- _What is needed_
An acceptable answer contains every record below, unchanged, and no pictures.

+++

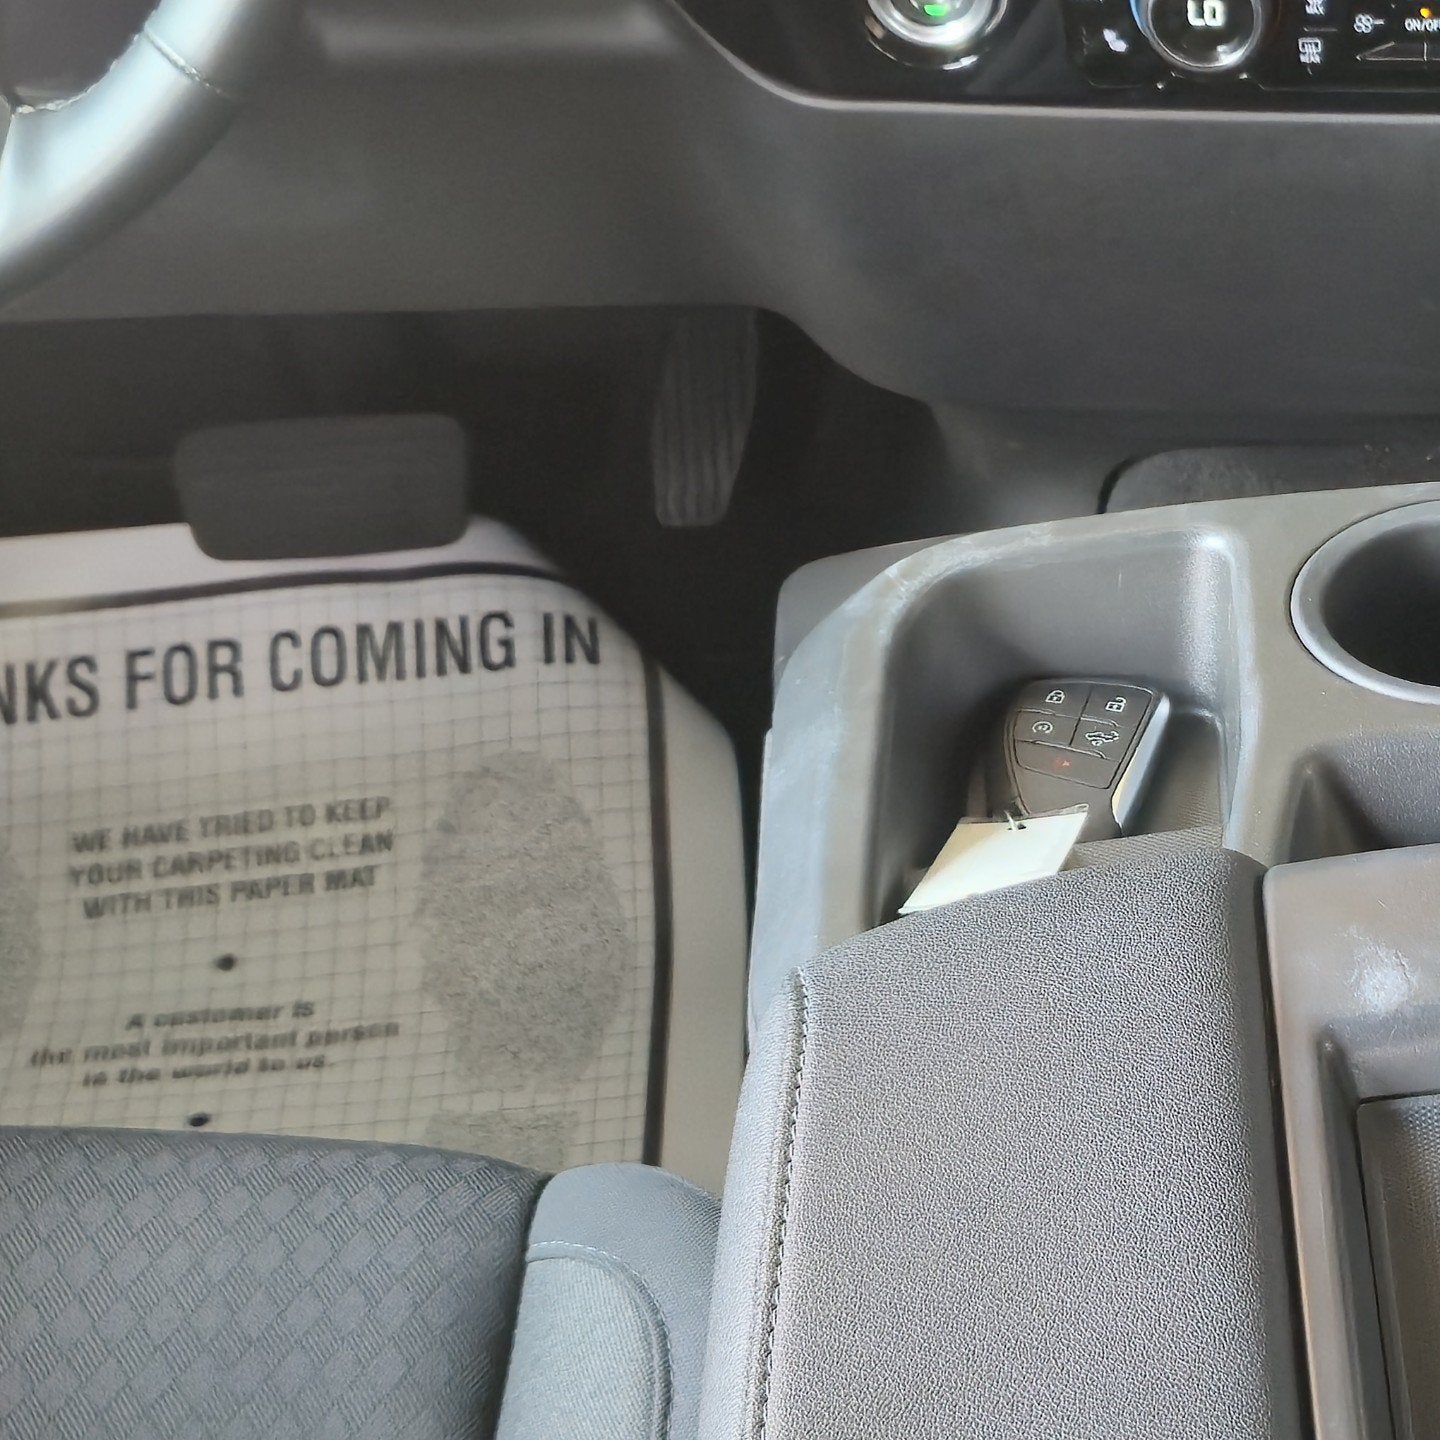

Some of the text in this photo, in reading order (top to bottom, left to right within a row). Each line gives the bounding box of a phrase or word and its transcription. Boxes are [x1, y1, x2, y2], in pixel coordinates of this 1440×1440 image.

[126, 638, 244, 711] FOR
[270, 610, 516, 692] COMING
[541, 611, 601, 666] IN
[71, 796, 391, 853] WE HAVE TRIED TO KEEP
[67, 828, 394, 887] YOUR CARPETING CLEAN
[83, 864, 377, 920] WITH THIS PAPER MAT
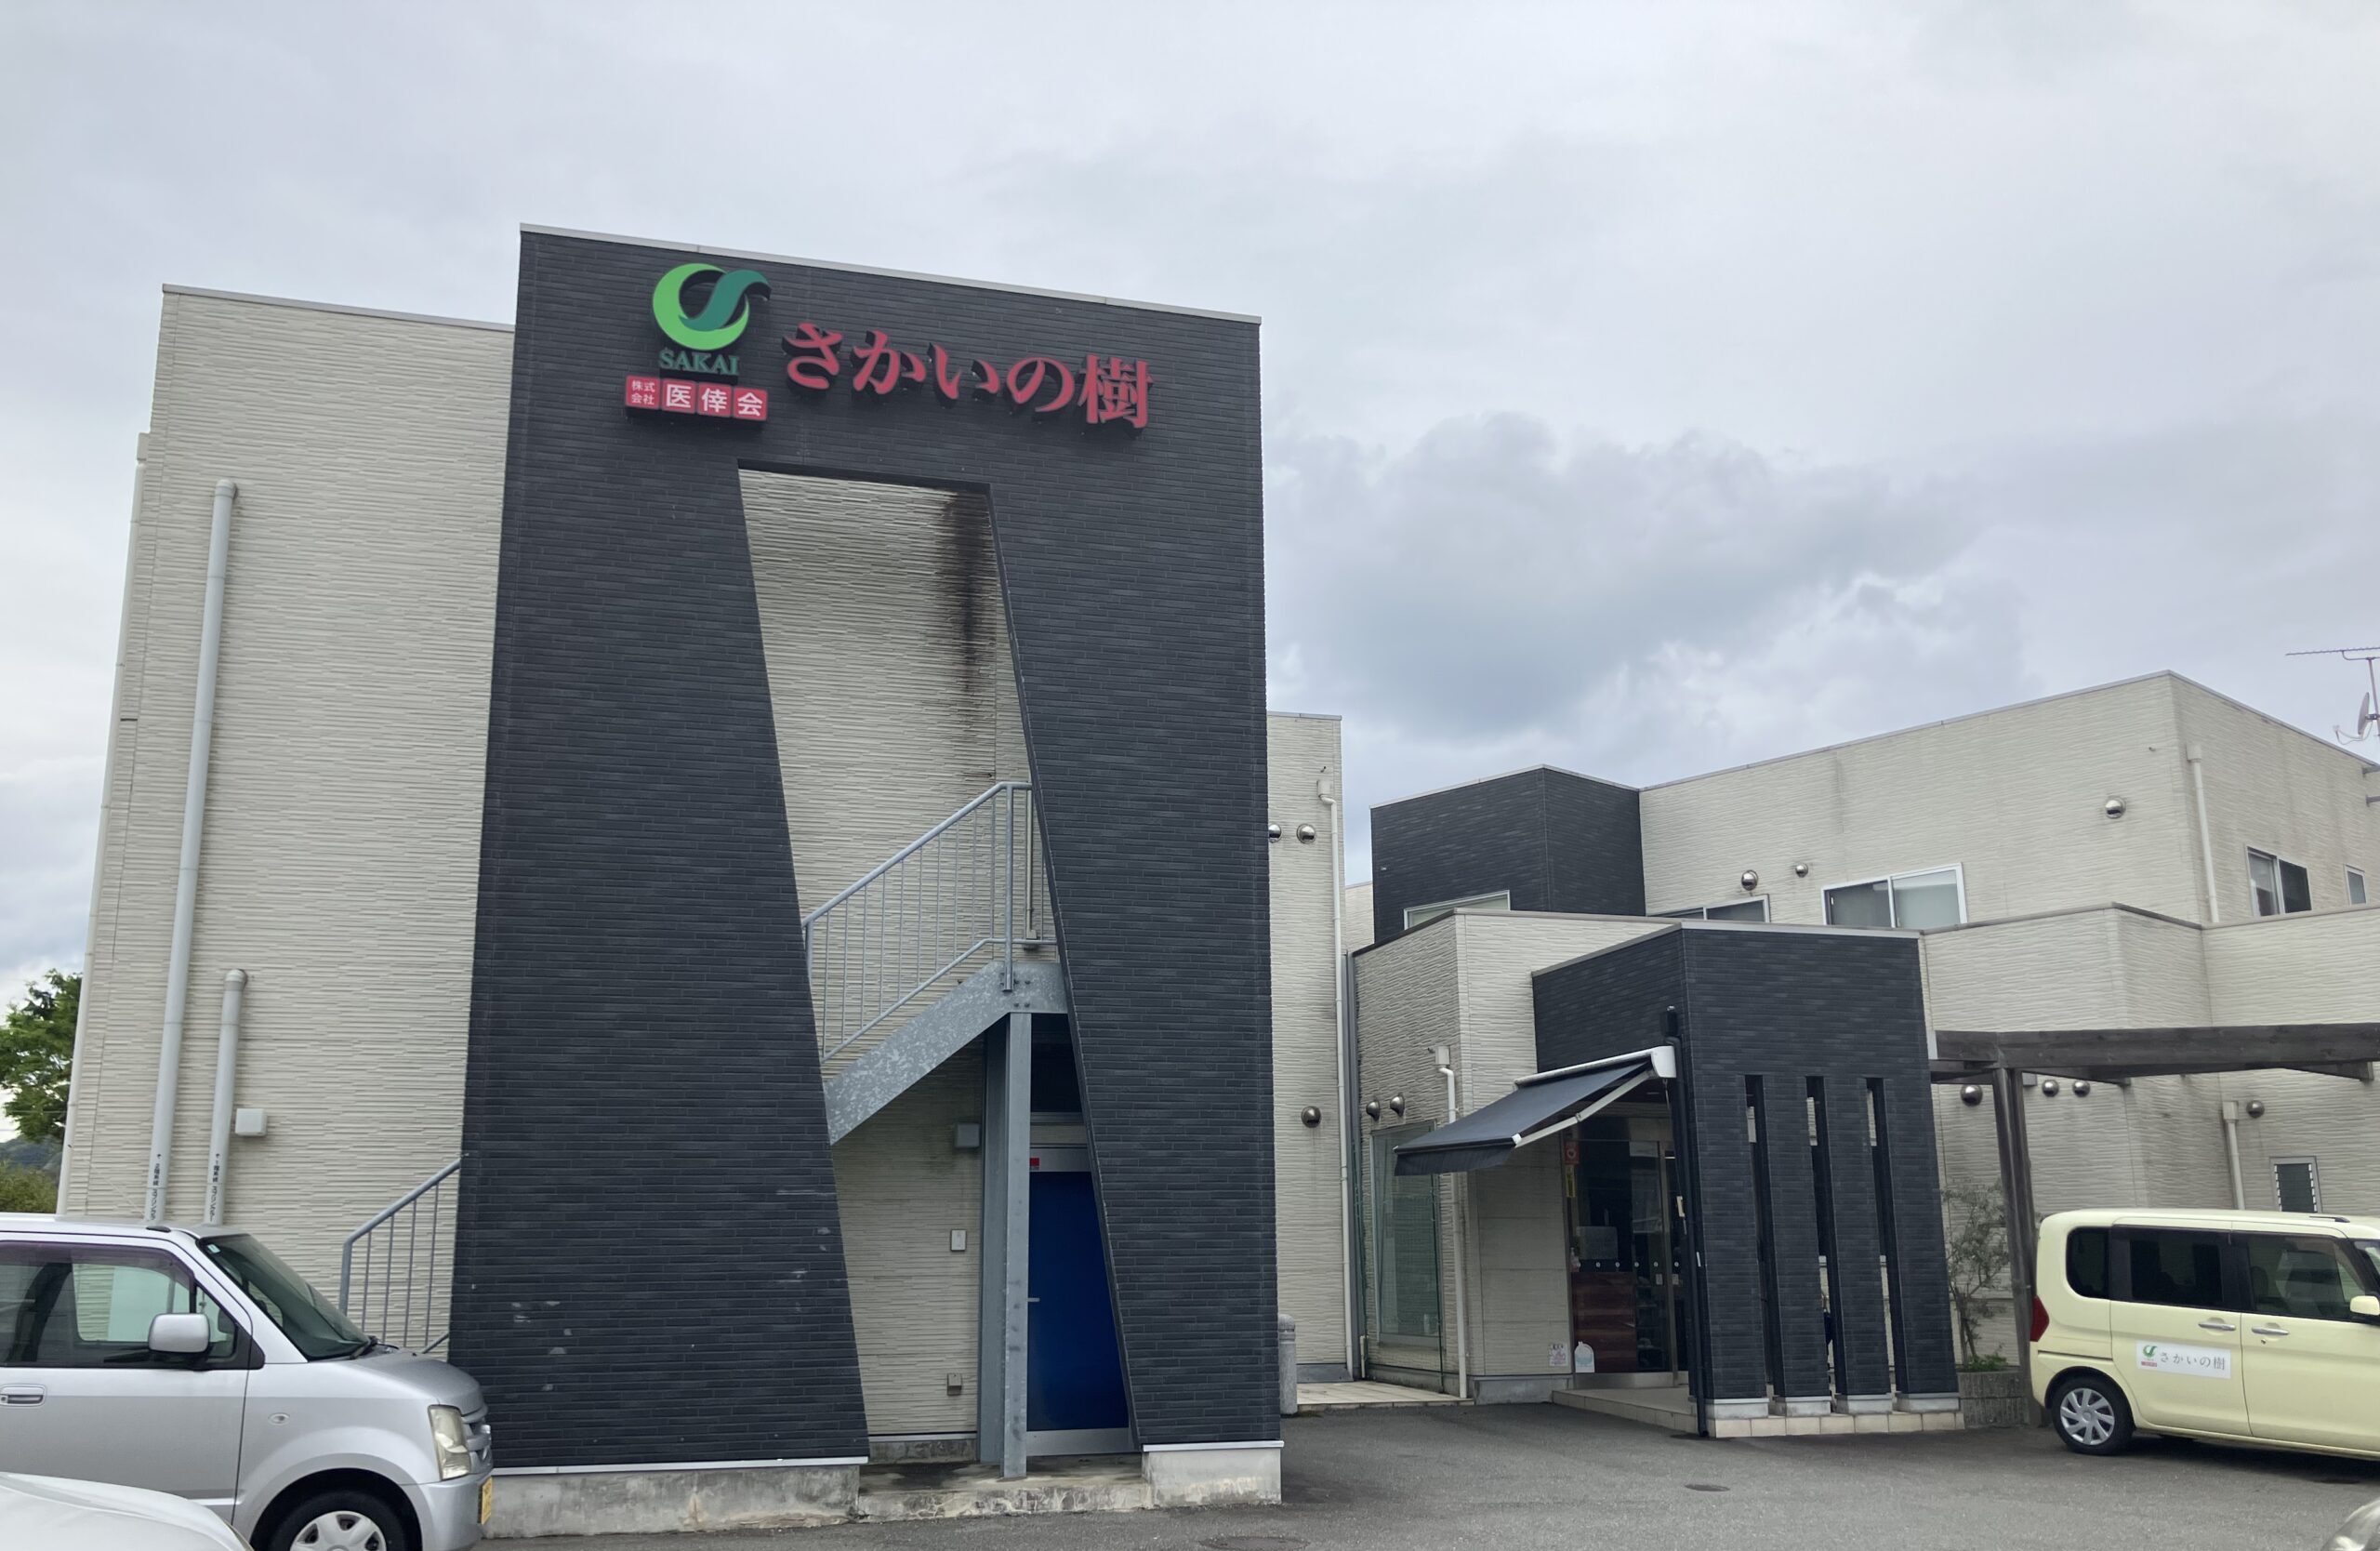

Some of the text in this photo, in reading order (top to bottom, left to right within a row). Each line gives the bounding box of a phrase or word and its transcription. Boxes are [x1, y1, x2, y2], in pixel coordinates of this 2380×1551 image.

[659, 347, 739, 376] SAKAI
[782, 322, 1153, 429] さかいの樹
[631, 379, 655, 392] 株式
[631, 392, 655, 405] 会社
[666, 383, 763, 417] 医倖会
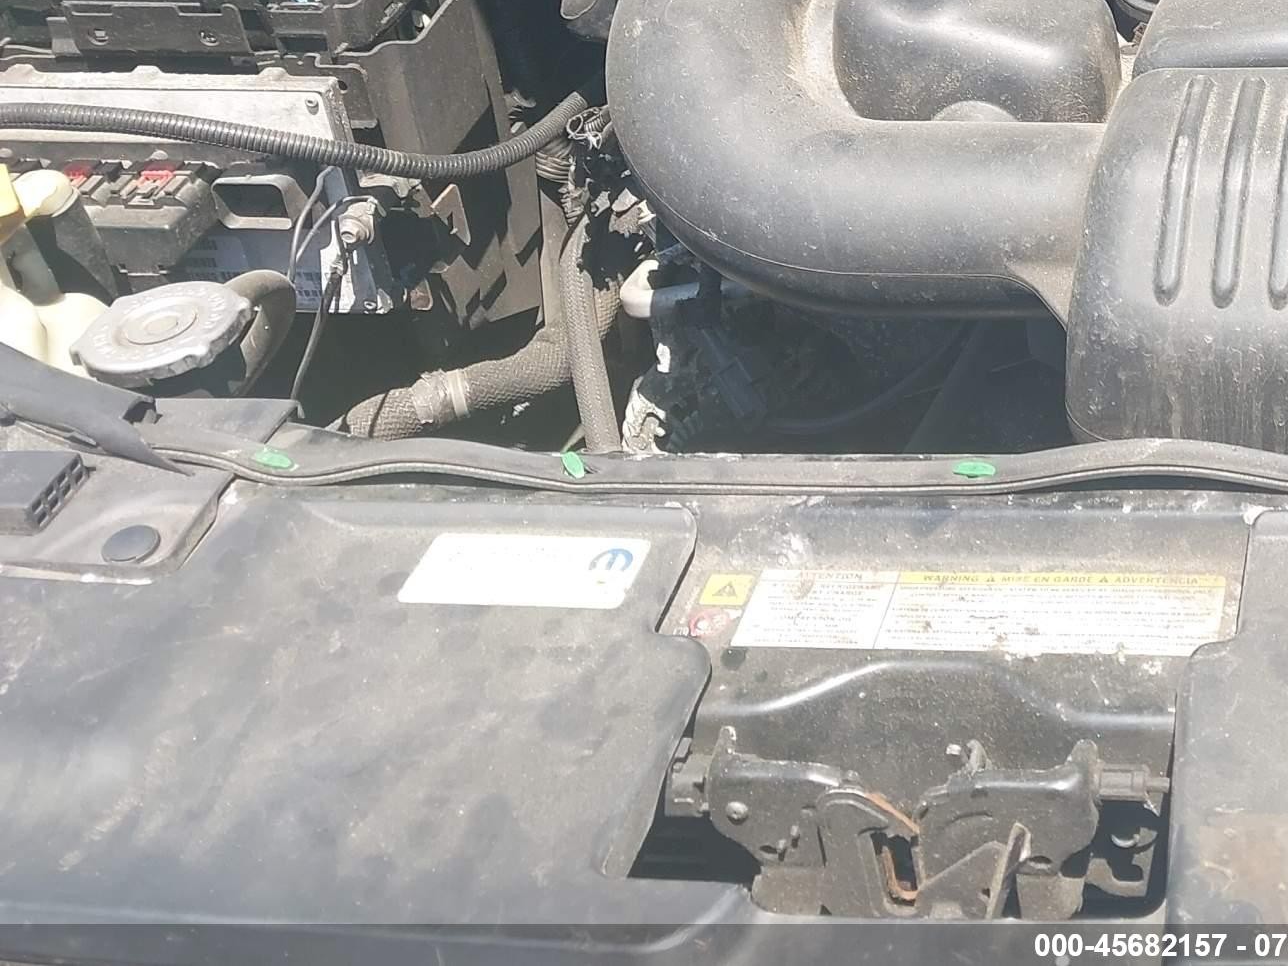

+++

- _Result of this exercise_
Some of the text in this photo, in reading order (top to bottom, left to right within a row). Each line gives the bounding box of a phrase or word and its transcription. Boxes are [x1, y1, x2, y2], in pixel coordinates of this 1440×1440 image.

[126, 638, 244, 711] FOR
[270, 610, 516, 692] COMING
[541, 611, 601, 666] IN
[71, 796, 391, 853] WE HAVE TRIED TO KEEP
[67, 828, 394, 887] YOUR CARPETING CLEAN
[83, 864, 377, 920] WITH THIS PAPER MAT

Some of the text in this photo, in reading order (top to bottom, left to right within a row). Each line gives the bounding box of a phrase or word and its transcription. Boxes are [x1, y1, x2, y2], in pixel coordinates of this 2380×1551 image.

[659, 347, 739, 376] SAKAI
[782, 322, 1153, 429] さかいの樹
[631, 379, 655, 392] 株式
[631, 392, 655, 405] 会社
[666, 383, 763, 417] 医倖会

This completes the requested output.